INSTRUCTIONS FOR THE TASK: Reproduce exactly the entries from the "this 2048×1365 image." line to the end. Skip all pictures.

EXERCISE DATA:
┄┄┄┄┄┄┄┄┄┄

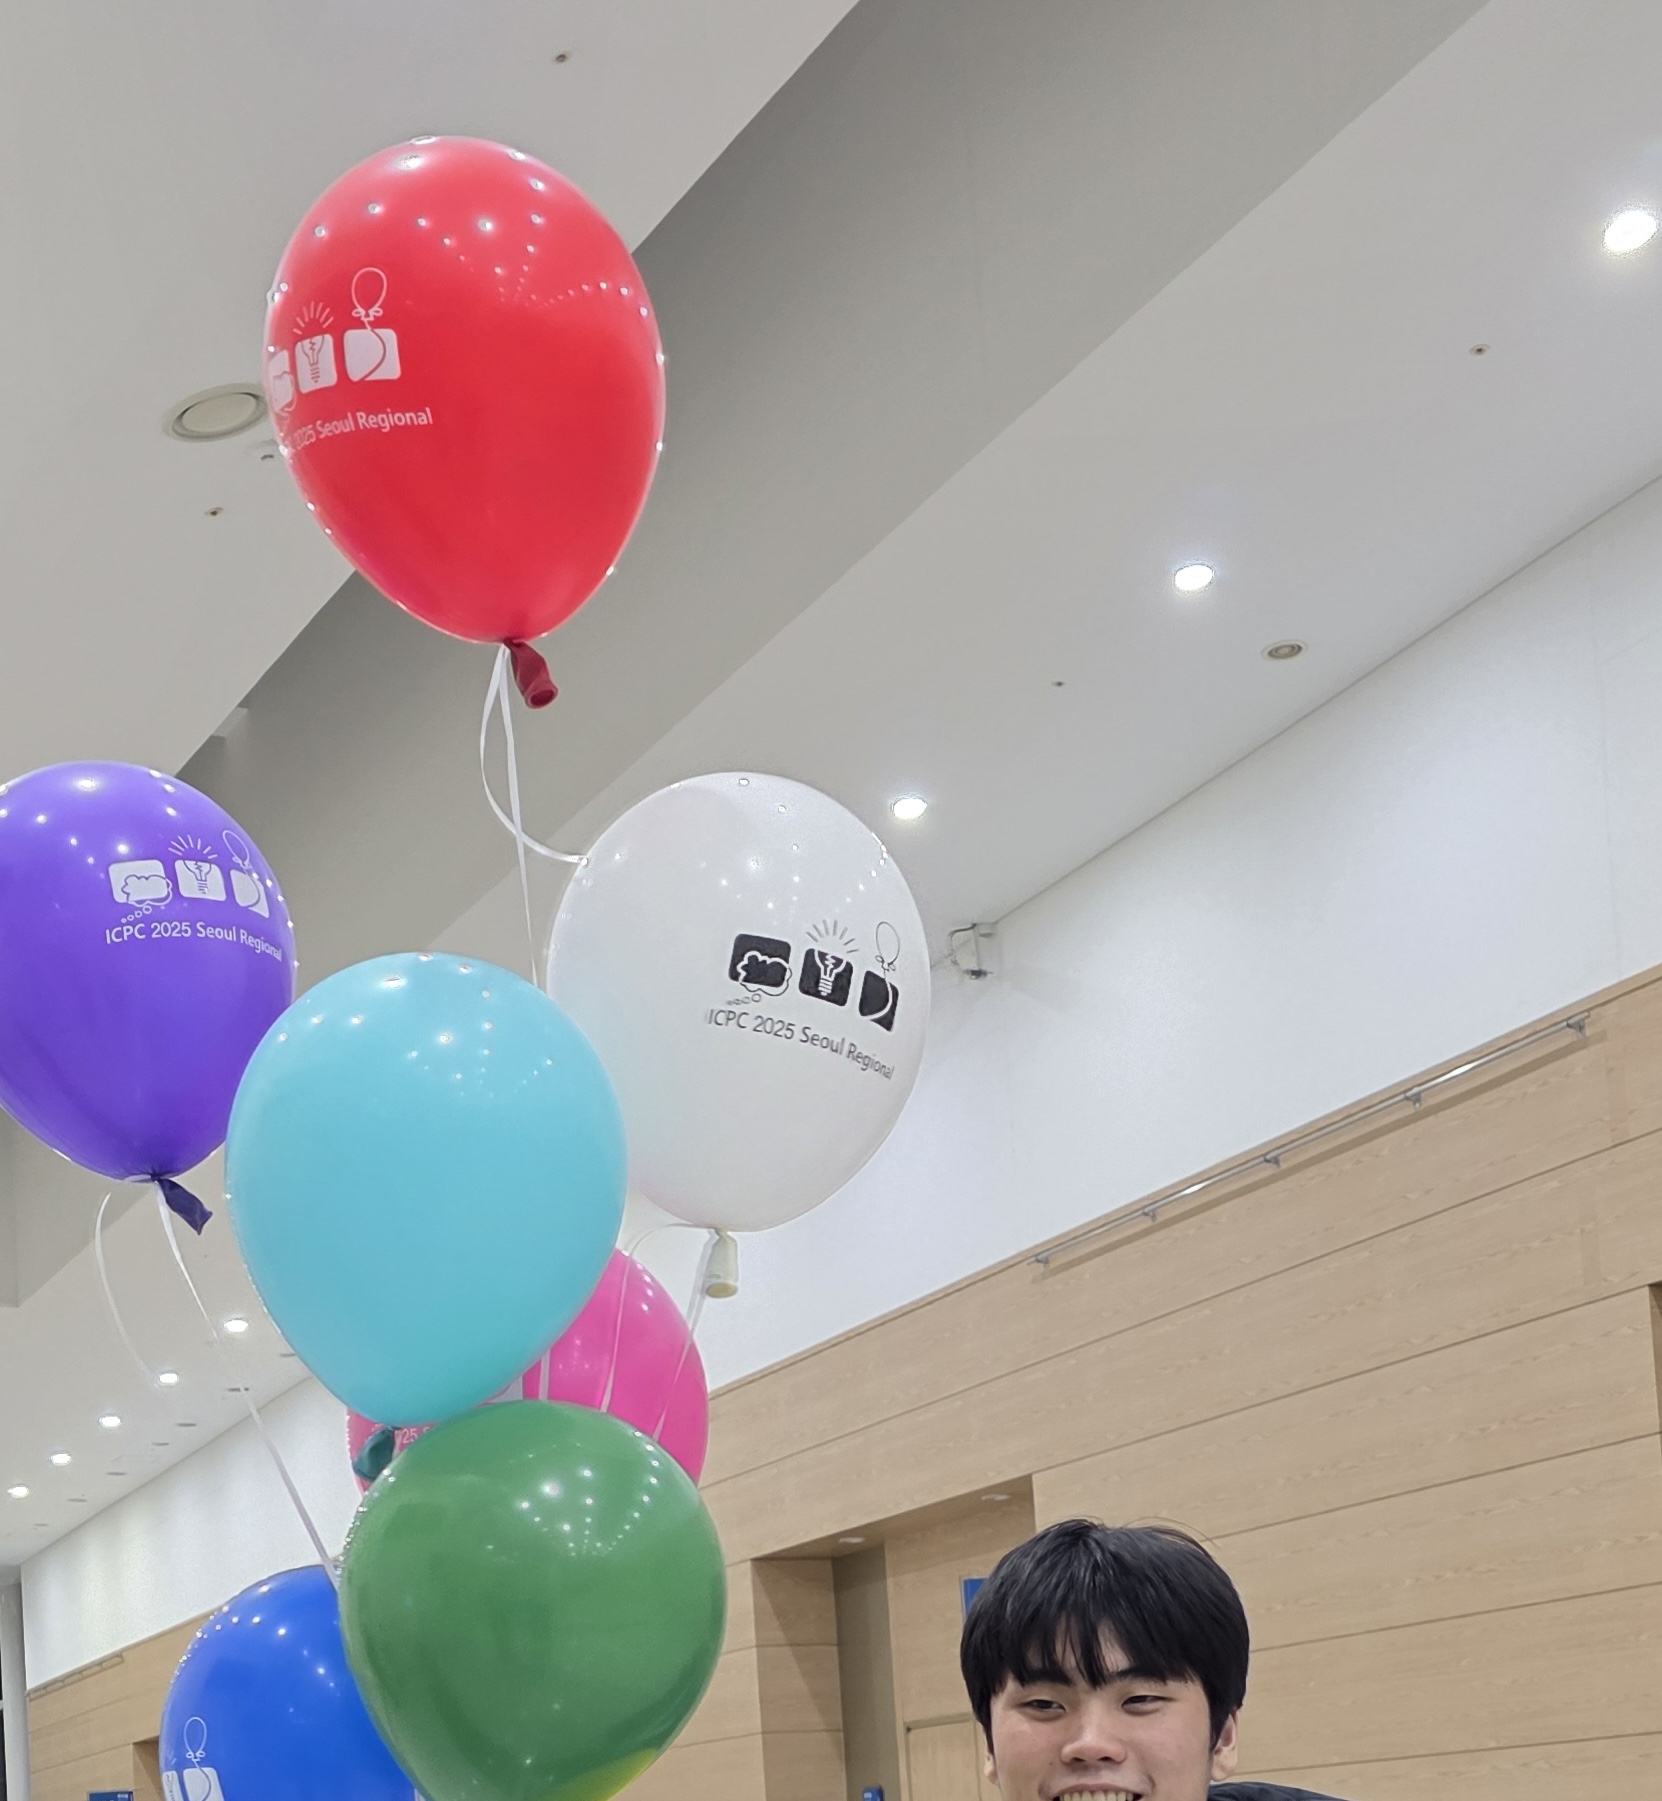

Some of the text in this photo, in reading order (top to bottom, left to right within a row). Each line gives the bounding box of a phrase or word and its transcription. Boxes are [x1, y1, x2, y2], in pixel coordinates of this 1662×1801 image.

[316, 412, 355, 439] Seoul
[356, 407, 433, 433] Regional
[105, 921, 282, 962] ICPC 2025 Seoul Regional
[706, 1009, 895, 1080] ICPC 2025 Seoul Regional
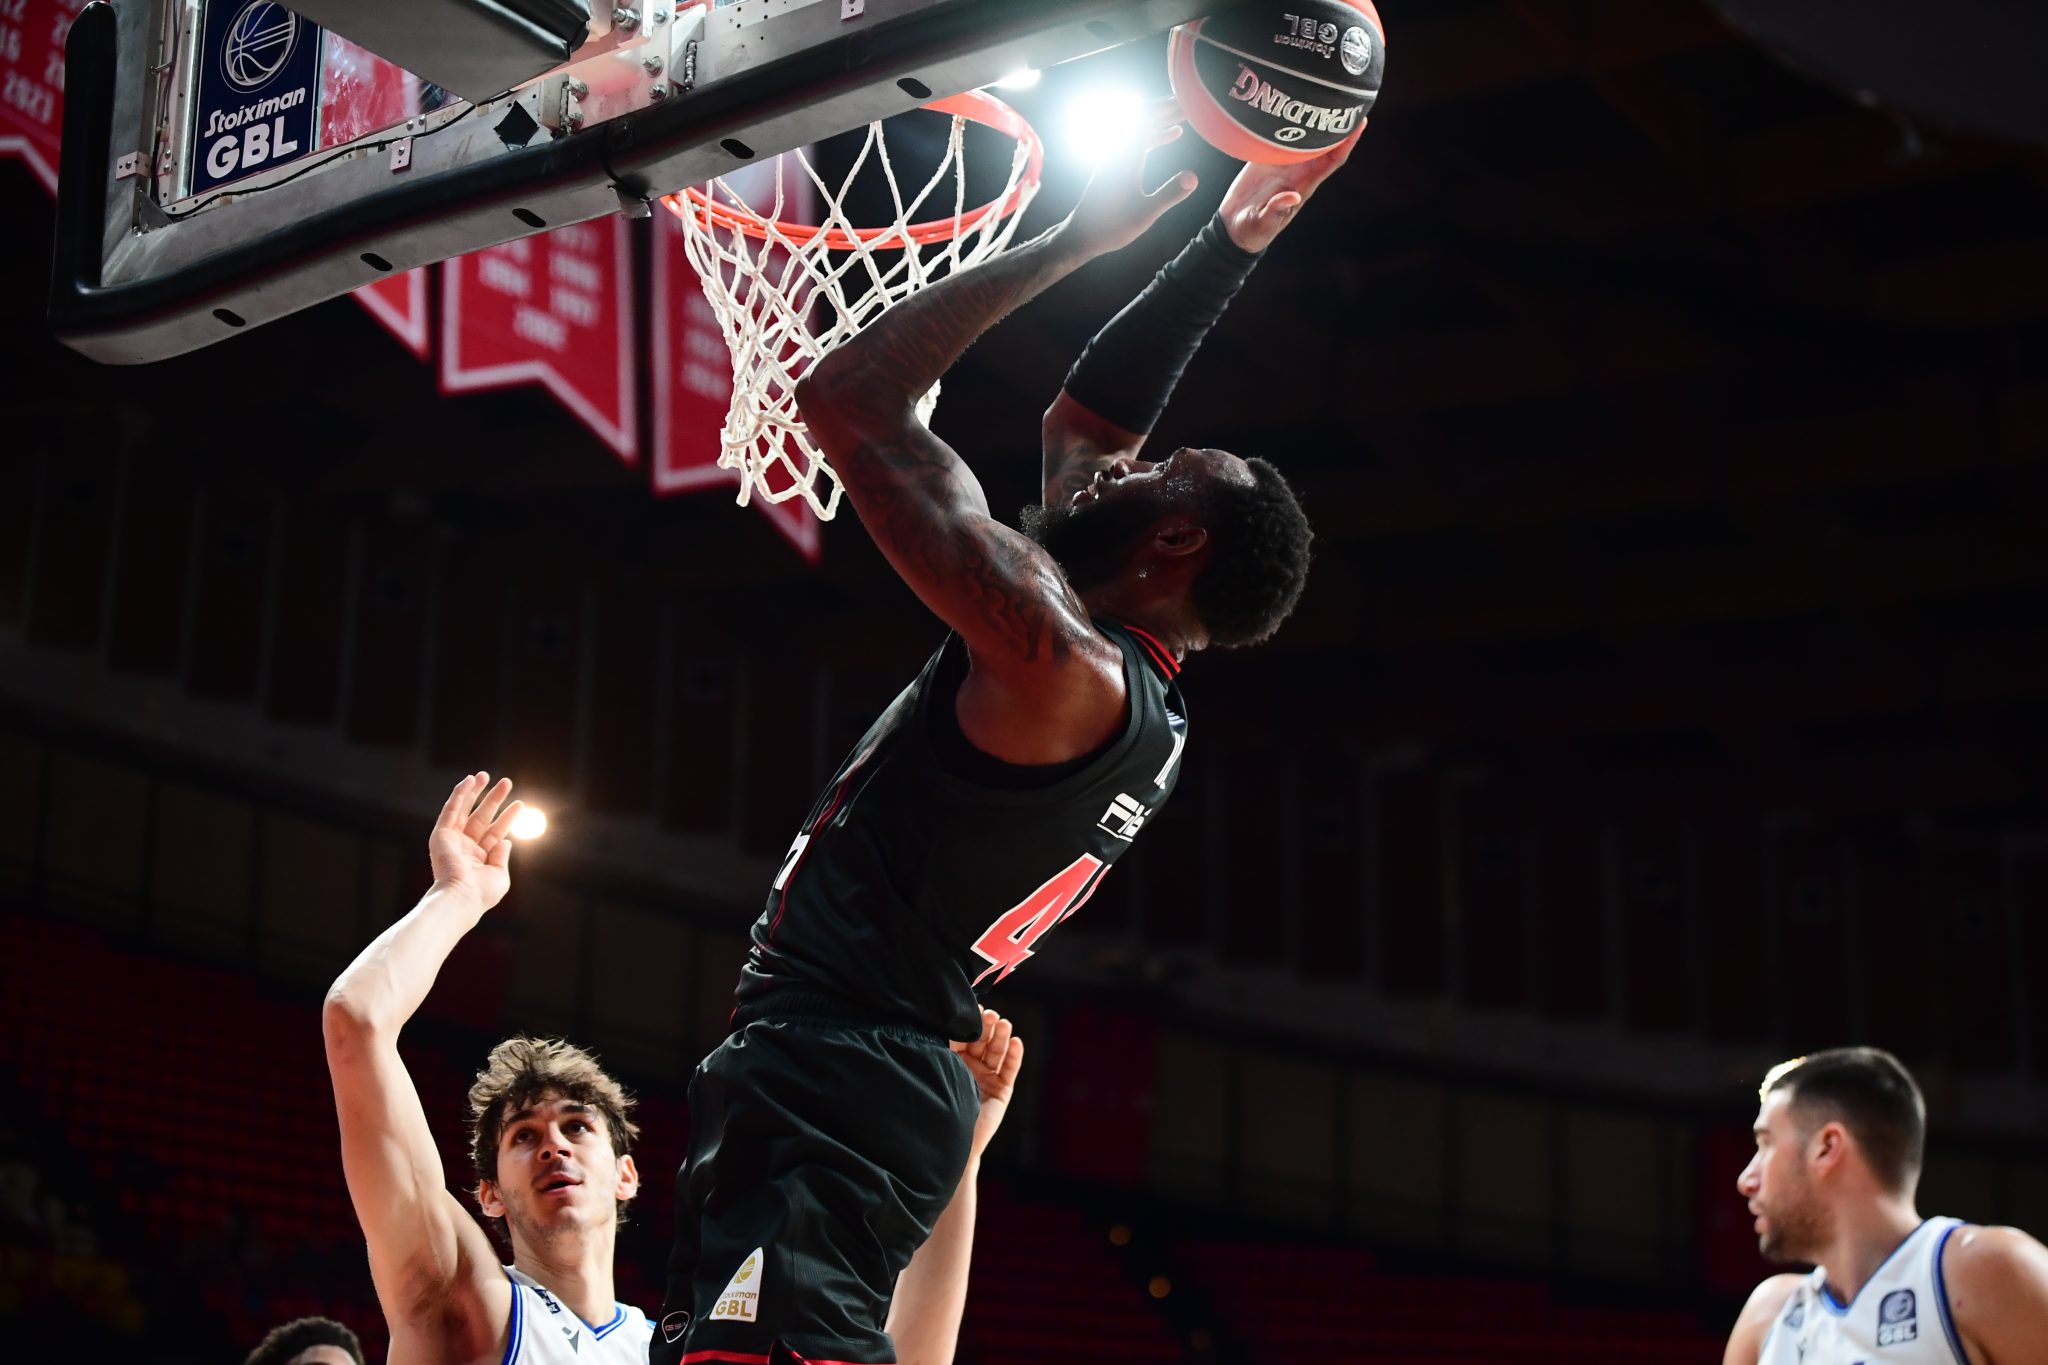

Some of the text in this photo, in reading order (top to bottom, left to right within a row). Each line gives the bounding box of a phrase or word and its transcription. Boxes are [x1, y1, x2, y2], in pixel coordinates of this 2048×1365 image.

[1274, 34, 1336, 59] Stoiximan
[1283, 13, 1339, 44] GBL
[204, 87, 306, 138] Stoiximan
[1228, 64, 1364, 134] SPALDING
[206, 115, 298, 179] GBL
[715, 1299, 752, 1318] GBL
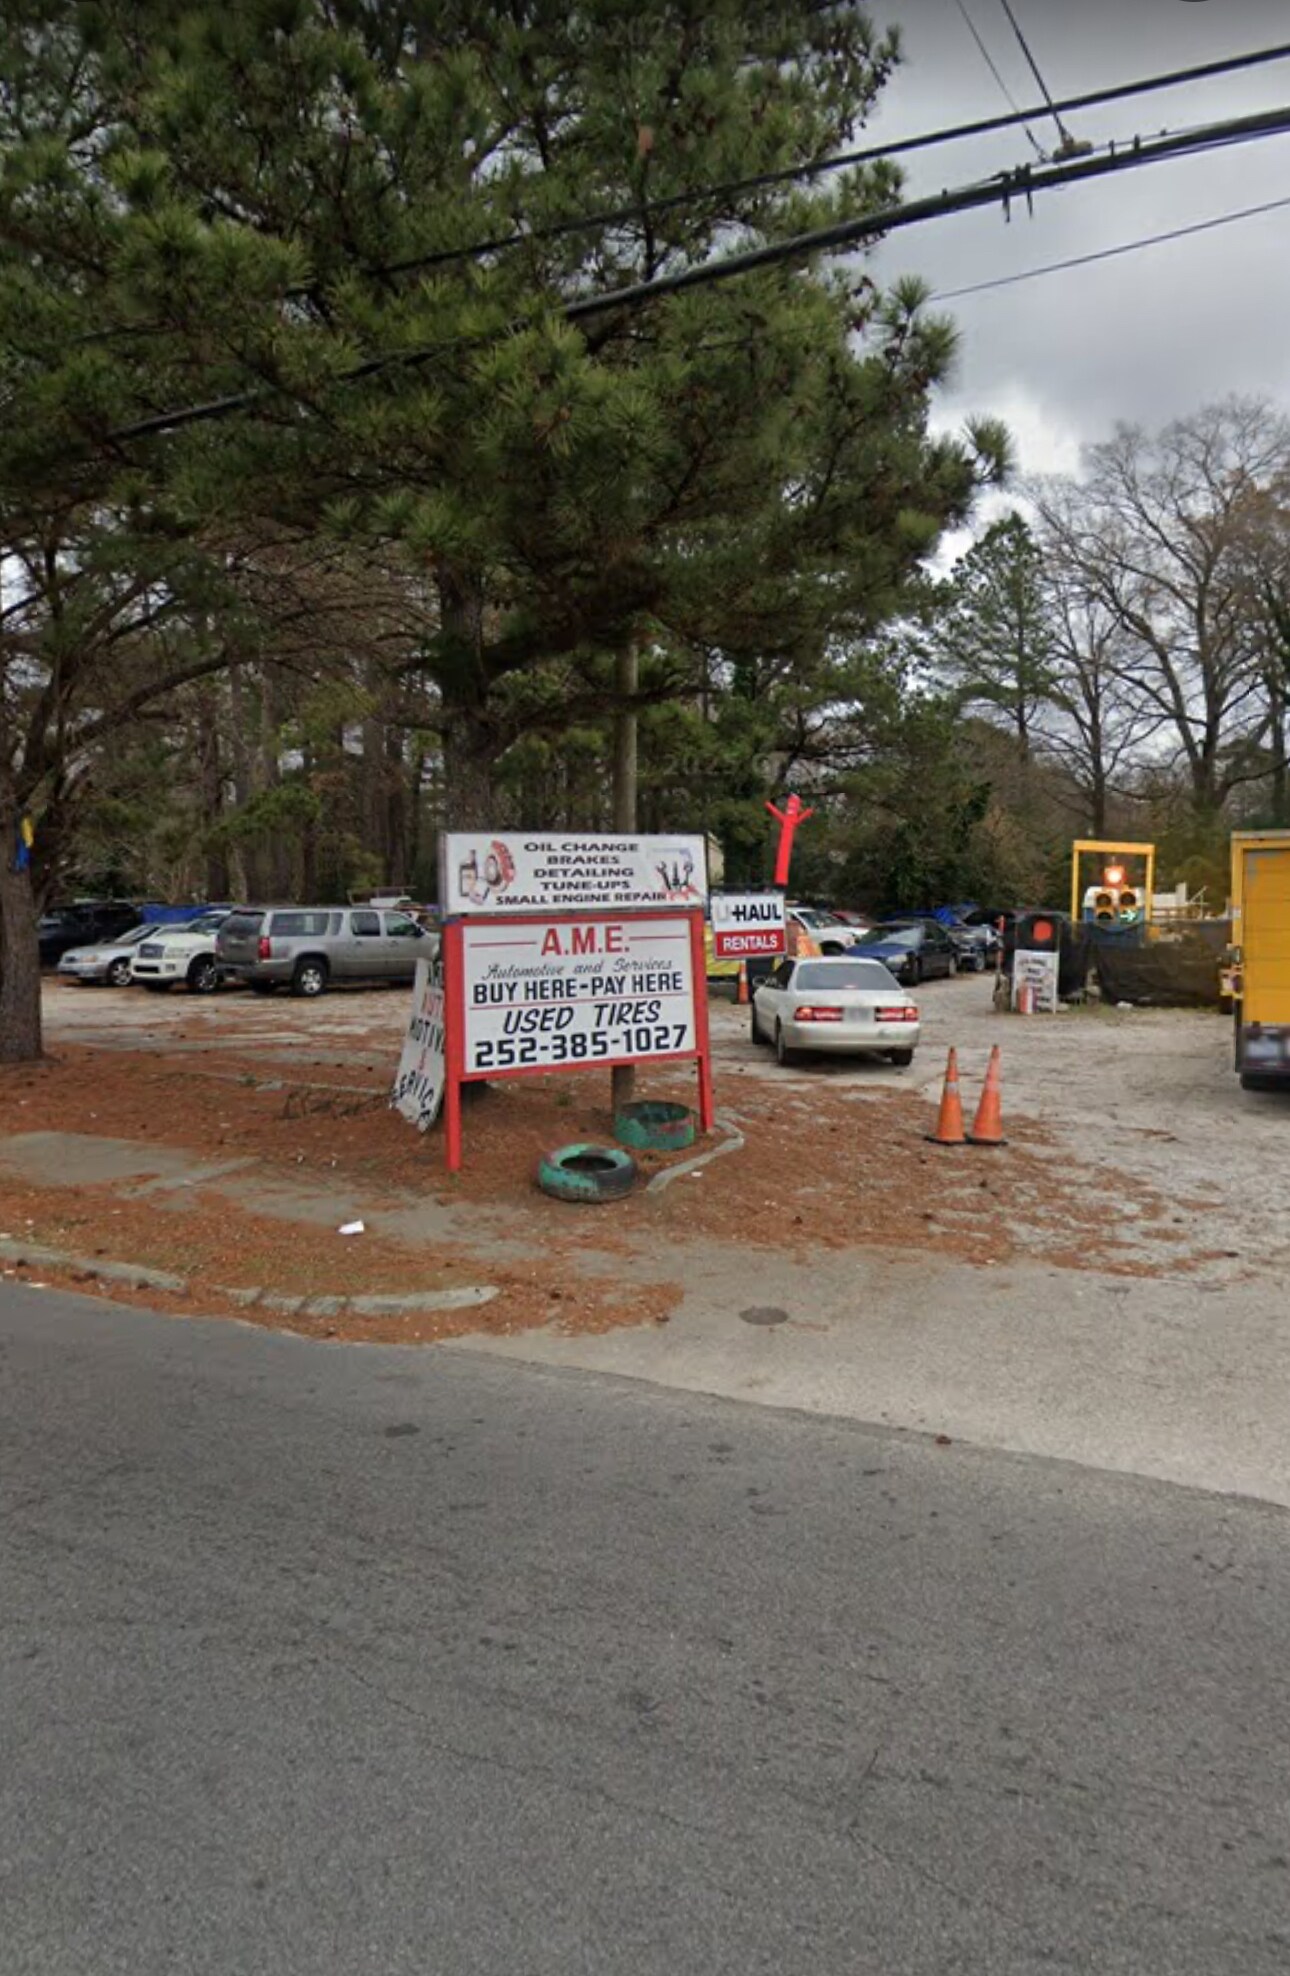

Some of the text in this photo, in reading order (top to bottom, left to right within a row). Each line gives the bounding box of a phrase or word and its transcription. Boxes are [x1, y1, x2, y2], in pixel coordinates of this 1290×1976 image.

┄┄┄┄┄┄┄┄┄┄

RESPONSE:
Some of the text in this photo, in reading order (top to bottom, left to right within a row). Each line gives the bounding box of a phrase or word and its transcription. Boxes are [x1, y1, x2, y2], in pixel coordinates of this 2048×1365 image.

[1274, 34, 1336, 59] Stoiximan
[1283, 13, 1339, 44] GBL
[204, 87, 306, 138] Stoiximan
[1228, 64, 1364, 134] SPALDING
[206, 115, 298, 179] GBL
[715, 1299, 752, 1318] GBL

Some of the text in this photo, in reading order (top to bottom, left to right within a row). Each line gives the bounding box of a phrase or word and its transcription. Boxes are [x1, y1, x2, y2], in pixel coordinates of this 1290×1976 image.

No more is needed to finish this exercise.